Tarjeta, propiedad fraccionada y leasing: las tres vías de entrada

La NetJets Card es el escalón más accesible: un prepago de 25 horas de vuelo, con acceso garantizado 290 días al año y sin costes de posicionamiento del avión. A partir de ese mínimo, las horas se descuentan según se vuela y se recargan sin compromiso de permanencia. Es la fórmula más flexible, pero también la más cara por hora: el precio mínimo por hora de vuelo en la industria ronda los 6.500 dólares (unos 6.000 euros), aunque la tarjeta, al incluir márgenes de servicio, eleva ese coste real.

Para quienes superan las 25 horas y realizan trayectos de largo radio, la propiedad fraccionada (NetJets Share) cambia la ecuación. El cliente adquiere una participación en una aeronave concreta, que se traduce en un número de horas de uso anual. Tripulación, mantenimiento y combustible están incluidos en el precio de la cuota, y no se aplican recargos por posicionamiento: un diferencial significativo frente a otros operadores.

La propiedad fraccionada elimina el gasto de capital inicial de la compra del jet y añade una cláusula de liquidez garantizada al final del contrato.
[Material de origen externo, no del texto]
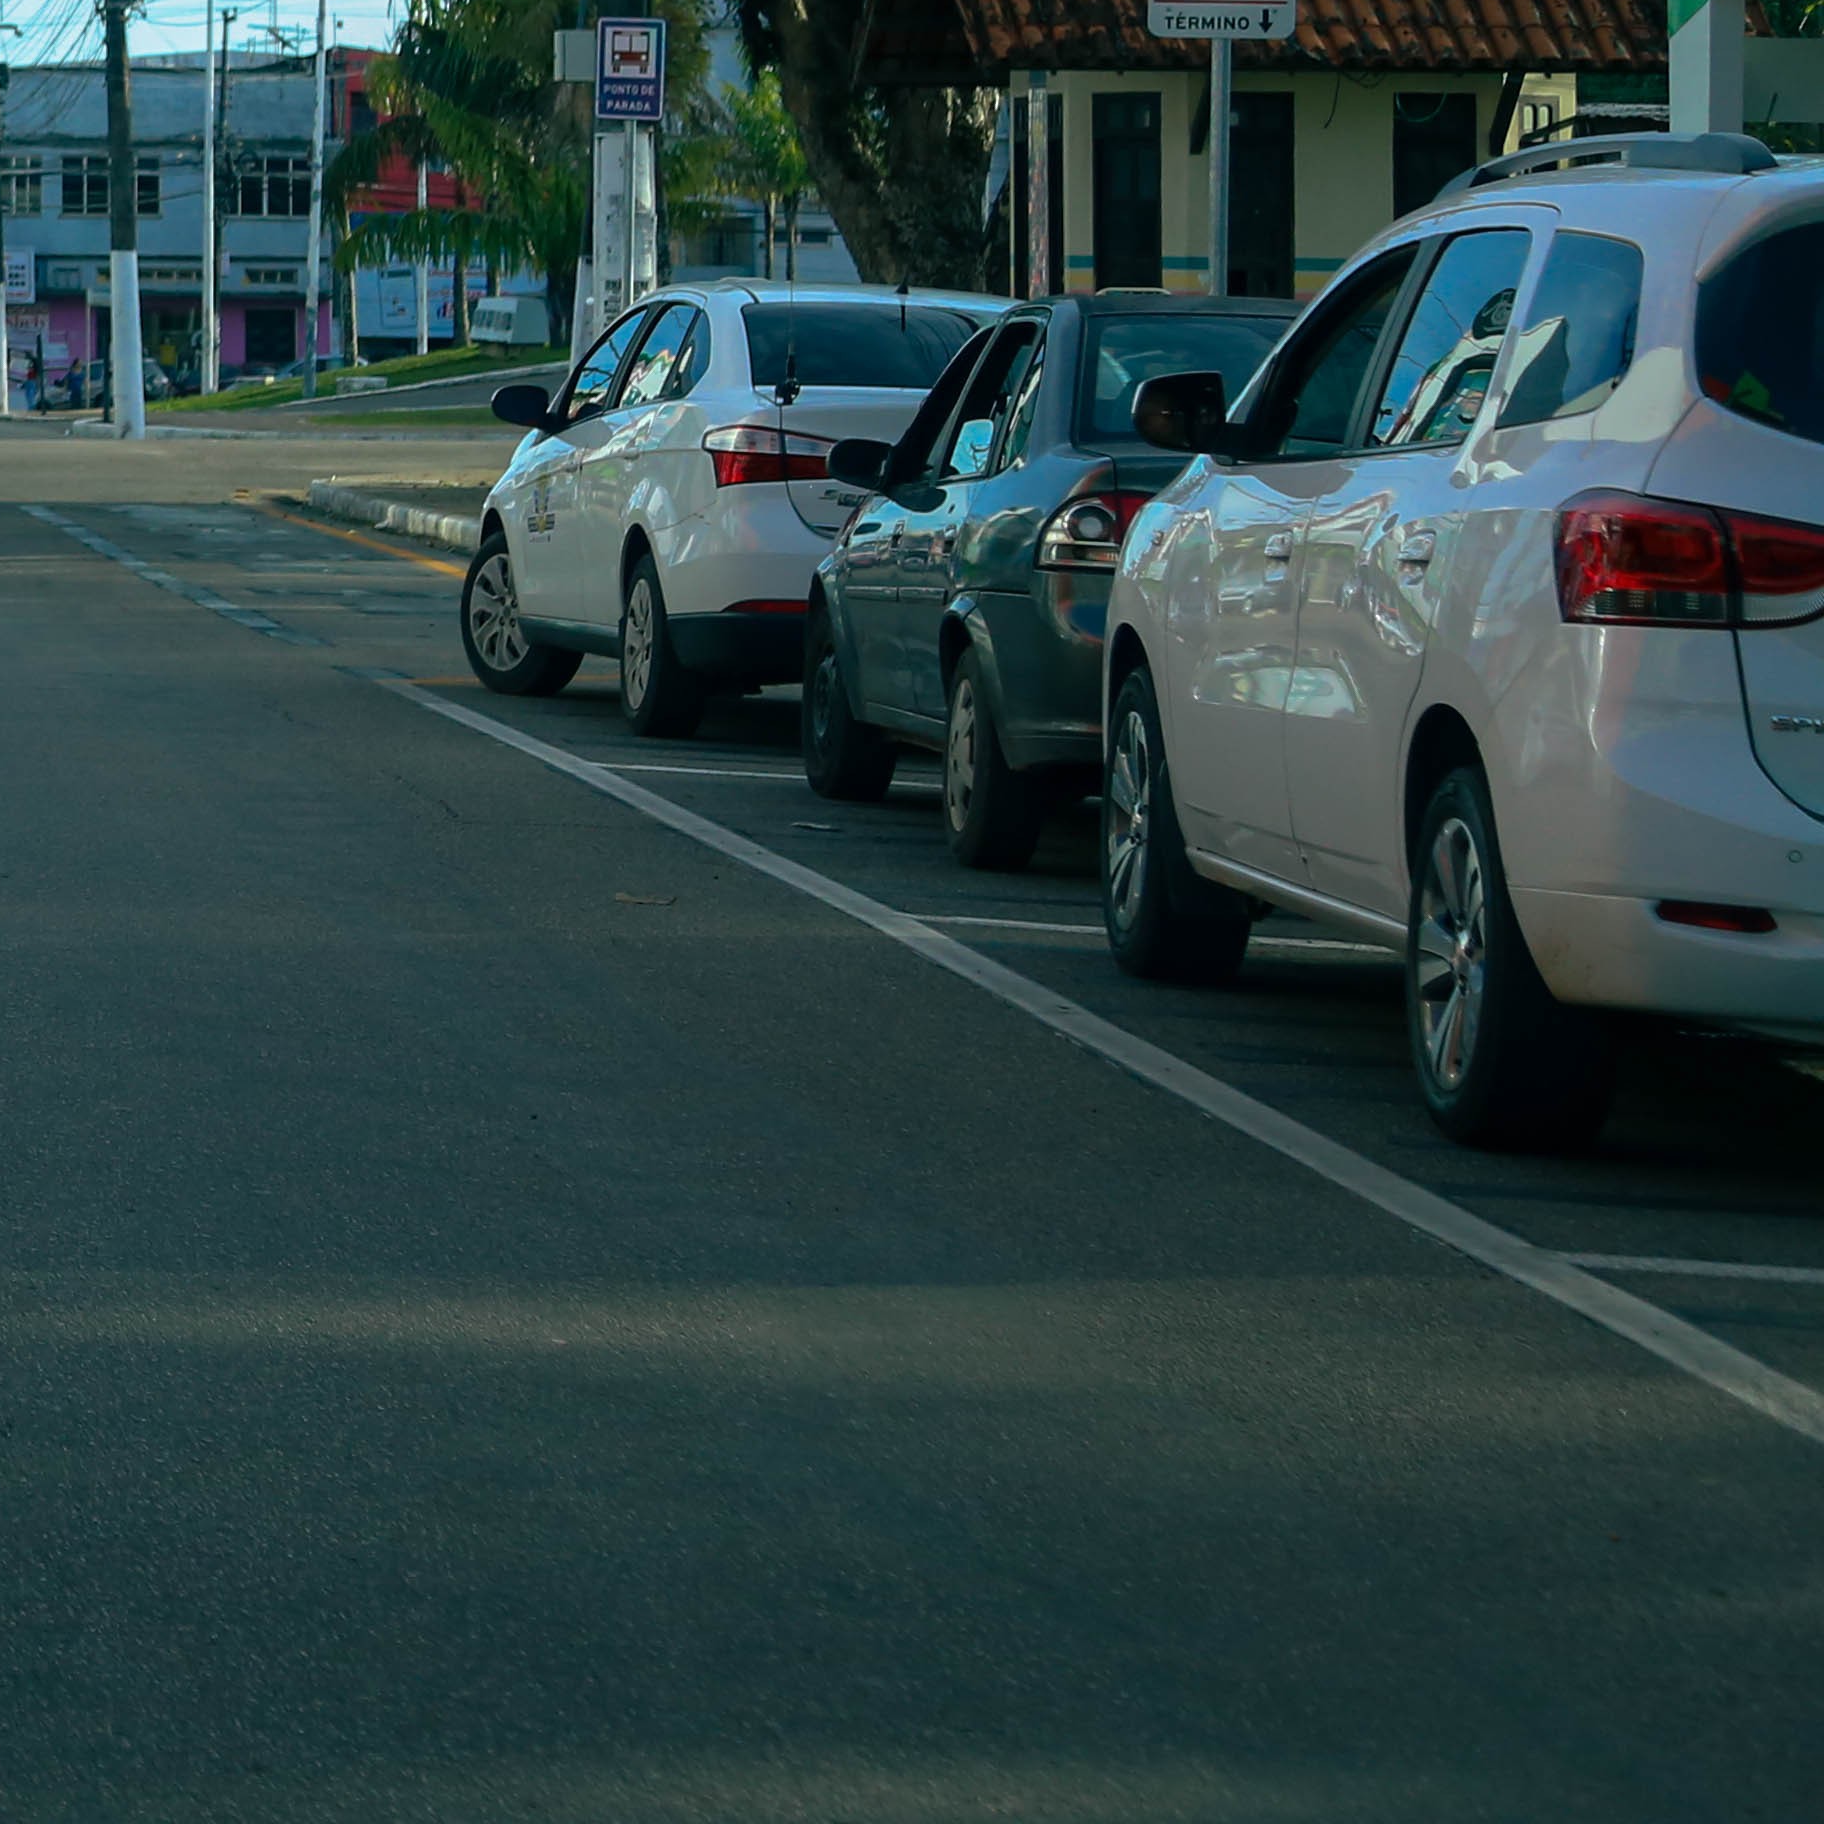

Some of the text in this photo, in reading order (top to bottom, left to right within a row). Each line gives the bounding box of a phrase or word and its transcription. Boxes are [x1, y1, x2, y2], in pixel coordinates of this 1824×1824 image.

Este programa incluye además un mecanismo de salida con valor de recompra definido, lo que protege al propietario de la depreciación del activo físico. En paralelo, NetJets Lease está diseñado para clientes que prefieren evitar el desembolso inicial de la fracción: un contrato de arrendamiento de 36 a 60 meses con tarifas fijas, sin pago inicial, que replica muchos de los beneficios del programa Share.

El músculo operativo: más de 750 jets y el Global 8000

La flota de NetJets supera los 750 aviones y las entregas previstas para 2026 suman otras 80 unidades. Esta escala es el verdadero moat de la compañía: permite ofrecer disponibilidad inmediata, reducir los costes operativos unitarios y, sobre todo, excluir los temidos cargos por reposicionamiento de la aeronave. Un factor que en otros operadores puede disparar la factura en un 15-20%.
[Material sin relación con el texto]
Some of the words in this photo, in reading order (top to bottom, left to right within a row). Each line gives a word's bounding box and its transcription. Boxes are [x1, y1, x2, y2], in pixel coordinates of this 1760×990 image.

En primavera de 2026, NetJets se convirtió en el primer operador en recibir el Bombardier Global 8000, el jet civil más rápido desde el Concorde. La compañía planea una flota de 24 unidades de este modelo, que se añade a la reciente incorporación del Cessna Citation Ascend y la expansión de los modelos Latitude y Longitude. Para el inversor que necesita rutas intercontinentales, este salto tecnológico es relevante: el coste por hora se optimiza al reducir el tiempo de vuelo y aumentar la autonomía.

El coste real de la aviación privada: una lectura de inversión

Al margen del pago por hora, el programa de propiedad fraccionada introduce una variable que merece atención patrimonial: la garantía de liquidez. NetJets ofrece a los propietarios una salida programada al término del contrato con un valor de recompra preacordado. En un mercado donde un jet ejecutivo puede depreciarse un 30% en cinco años, esa cláusula convierte el gasto operativo en una partida de coste cierto, sin la exposición al riesgo de valor residual.

Esta estructura es particularmente eficiente para family offices y patrimonios que vuelan entre 50 y 200 horas anuales. La alternativa —comprar un avión en propiedad— exige un desembolso de varios millones, más tripulación fija, hangaraje y un seguro que puede superar los 100.000 euros anuales. Frente a ese escenario, la fracción de NetJets actúa como una diversificación del gasto en movilidad de alto nivel, protegiendo el balance de la volatilidad del mercado de segunda mano.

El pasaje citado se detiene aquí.